Most people will have seen headlines about hospitals being rated "inadequate" by the Care Quality Commission after an inspection, and put into "special measures". It often results in changes in senior leadership, and even to takeovers by other, better performing hospitals. But how do we know that these very important judgements and ratings are right? Our research into the inspection process shows that while teams of inspectors may often agree about their assessments, there can also be uncertainty and disagreement. The good news is that there are things that regulators can do to improve reliability and maintain the confidence of service providers and the public.
Reliability is important
Inspections of services are a key part of most systems of regulation. They provide independent assurance that services are safe and meet basic quality standards. Inspection reports and published ratings can also help service users to make informed choices about which service to use. Inspections are a big deal for service providers. A poor rating can result in a service being closed down, or whole teams of senior managers being replaced. It can adversely affect staff morale and recruitment. And if inspections fail to identify poor practice, service users will suffer.

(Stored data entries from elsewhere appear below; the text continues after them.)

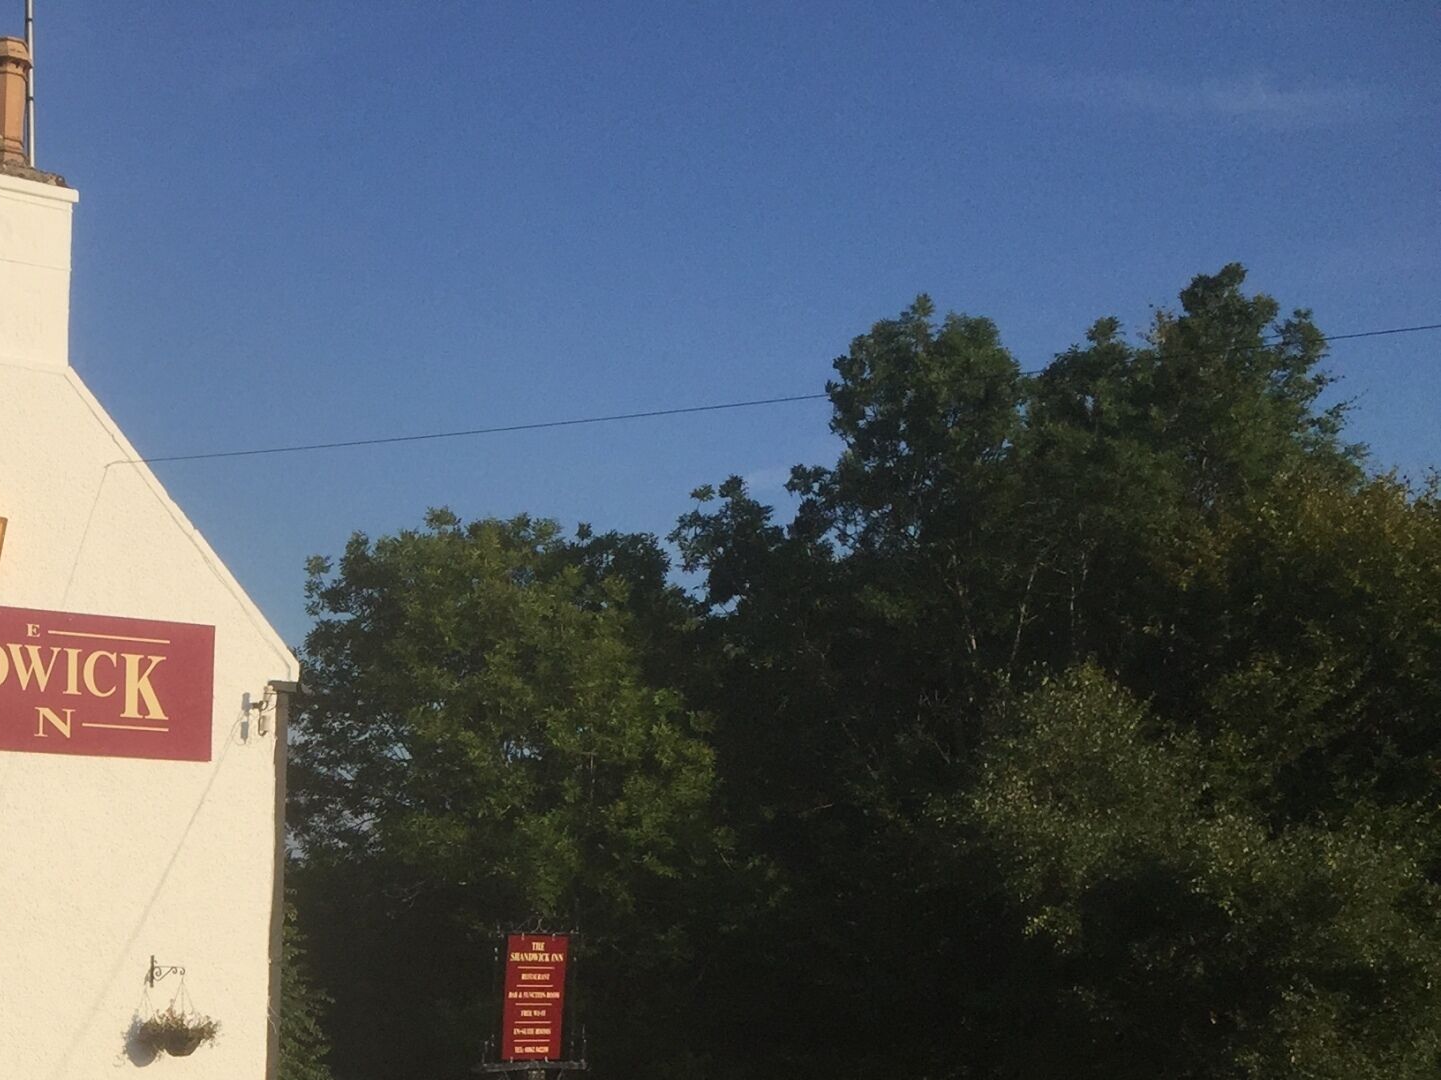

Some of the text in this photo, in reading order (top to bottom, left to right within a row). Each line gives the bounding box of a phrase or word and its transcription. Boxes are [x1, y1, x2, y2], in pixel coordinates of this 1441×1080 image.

[532, 942, 545, 951] THE
[510, 952, 564, 962] SHANDWICK INN
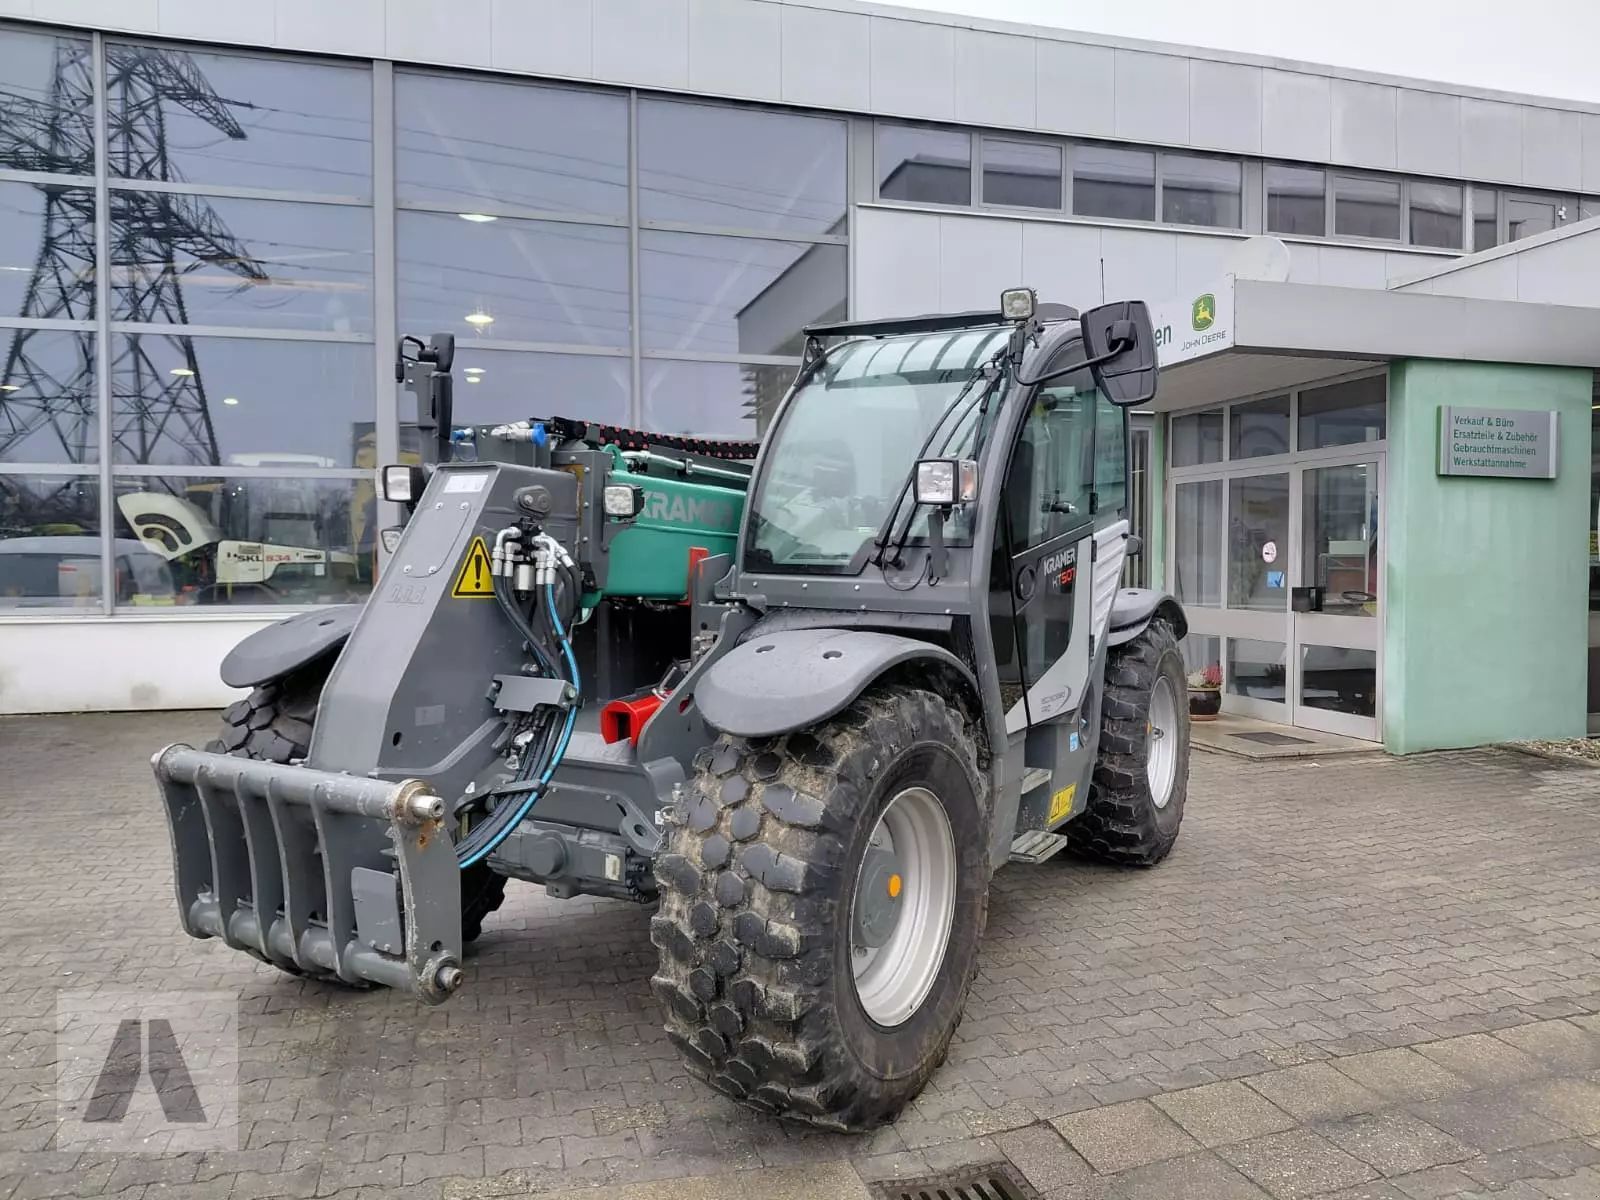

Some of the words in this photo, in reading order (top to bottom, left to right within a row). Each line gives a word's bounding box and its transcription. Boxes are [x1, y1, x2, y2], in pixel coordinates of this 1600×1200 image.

[1154, 325, 1172, 347] en
[1201, 330, 1227, 345] DEERE
[1454, 415, 1485, 426] Verkauf
[1487, 416, 1494, 427] &
[1496, 418, 1515, 428] Büro
[1453, 429, 1495, 440] Ersatzteile
[1497, 431, 1504, 441] &
[1506, 432, 1538, 442] Zubehör
[1453, 443, 1537, 456] Gebrauchtmaschinen
[1453, 457, 1528, 468] Werkstattannahme
[1043, 548, 1076, 576] KRAMER

With such high stakes, it is crucial that the assessments inspectors make are reliable. Furthermore, if stakeholders do not trust assessments of performance, then the credibility of the whole system of regulation could be undermined. The Care Quality Commission (CQC), which regulates health and social care services, has radically changed its inspection regime in recent years, after being criticised in the wake of the Francis Inquiry into failings in care at Mid Staffordshire NHS Foundation Trust between 2005-2009. CQC commissioned researchers from Alliance Manchester Business School and The King’s Fund to evaluate its new regulatory model for acute hospitals.
How we assessed reliability
As part of the evaluation we investigated the extent to which different inspectors might agree in their assessments of services. We provided short descriptions of aspects of service provision to inspection team members who had inspected hospitals during late 2013 and early 2014, when CQC was piloting its new approach. The descriptions included:
“Managers are developing a plan to address bullying following concerns reported in the national annual staff survey”

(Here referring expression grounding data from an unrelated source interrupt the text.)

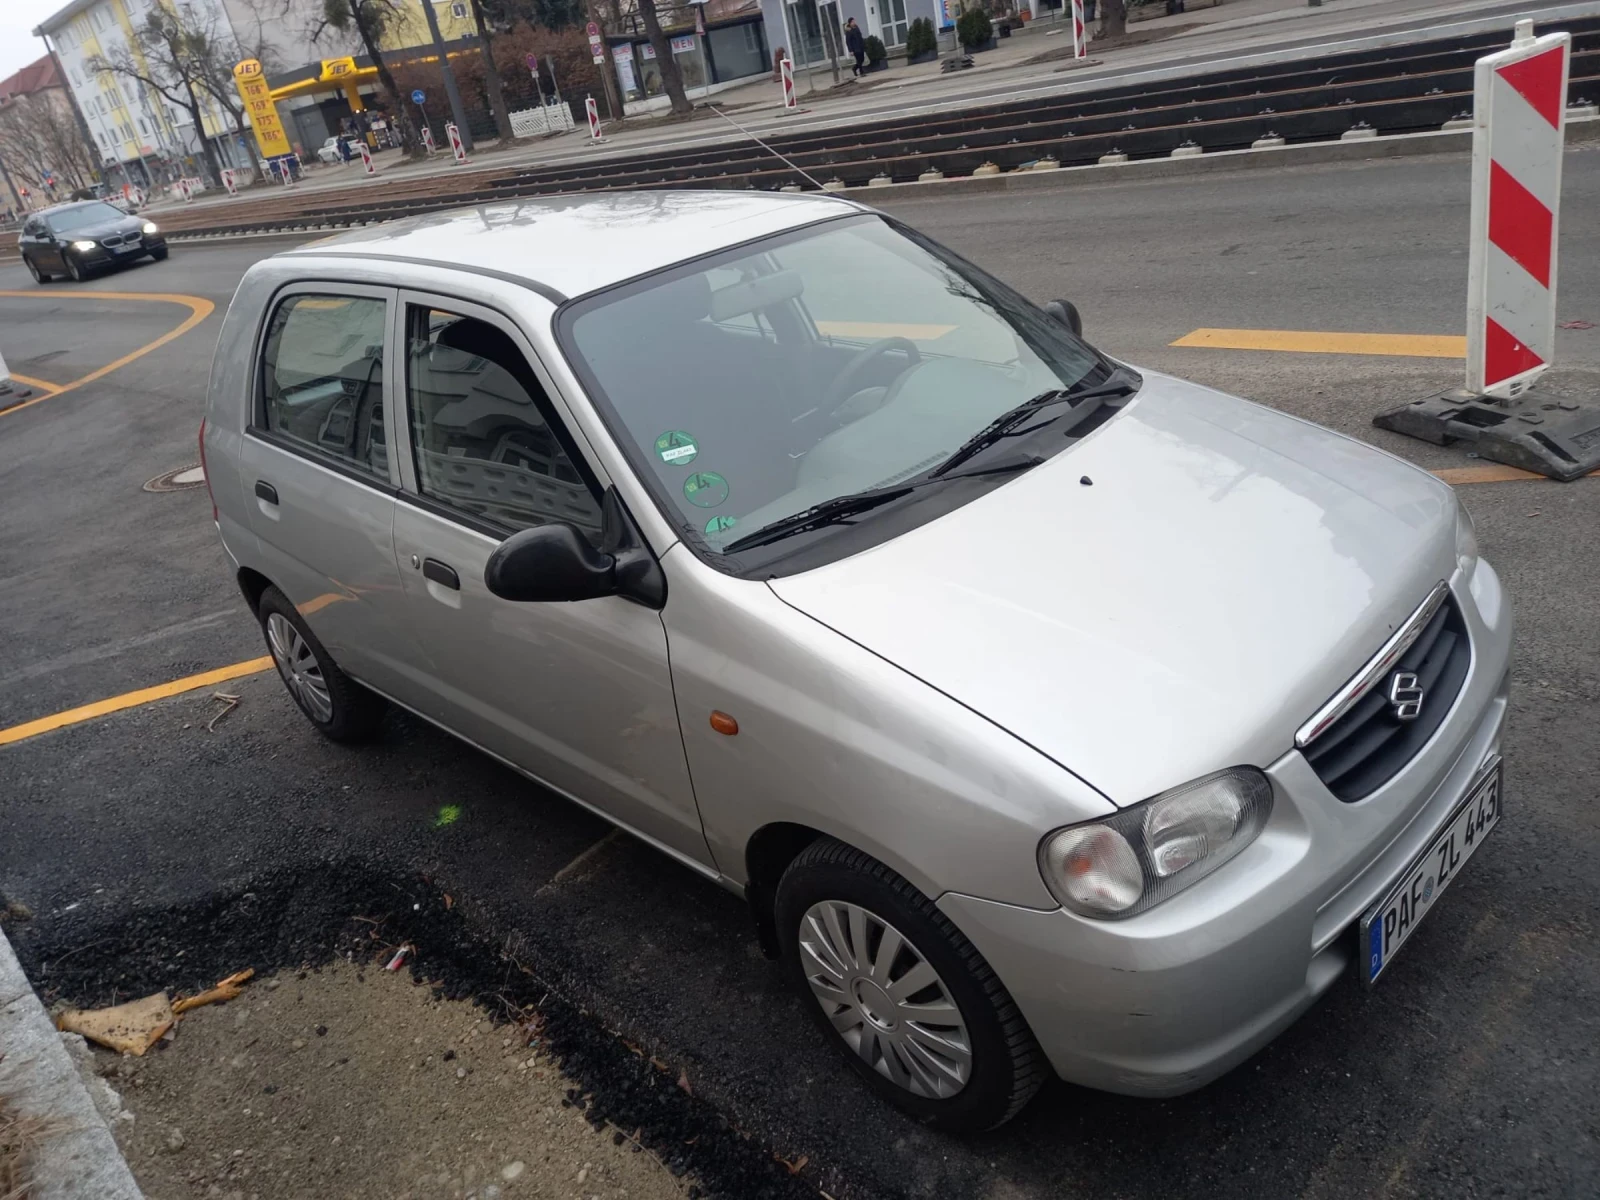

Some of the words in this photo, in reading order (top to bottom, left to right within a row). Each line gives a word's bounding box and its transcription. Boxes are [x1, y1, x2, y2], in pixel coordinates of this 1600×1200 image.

[239, 64, 258, 75] JET
[330, 64, 348, 75] JET
[1371, 953, 1378, 967] D
[1384, 872, 1424, 955] PAF
[1437, 833, 1460, 887] ZL
[1465, 780, 1497, 846] 443

“Complementary therapies are available to patients nearing the end of life to aid relaxation and symptom control”
“40% of staff are not up to date with their mandatory training”
We asked inspection team members to use the CQC’s rating system to say what ratings these descriptions indicated.
Agreements and disagreements among inspectors
We found that while inspectors largely agreed about the ratings of some descriptions, there were substantial disagreements about others. However, if inspectors discuss ratings together, as is typically the case in CQC inspections, then this should increase agreement to quite high levels. When we observed actual inspection teams during inspections, they typically did experience consensus about ratings. As one inspector said:
“[rating]actually worked. People did agree, with one exception across risk, but that was across all 40. So 1 out of 40 they disagreed with. Was actually amazing.”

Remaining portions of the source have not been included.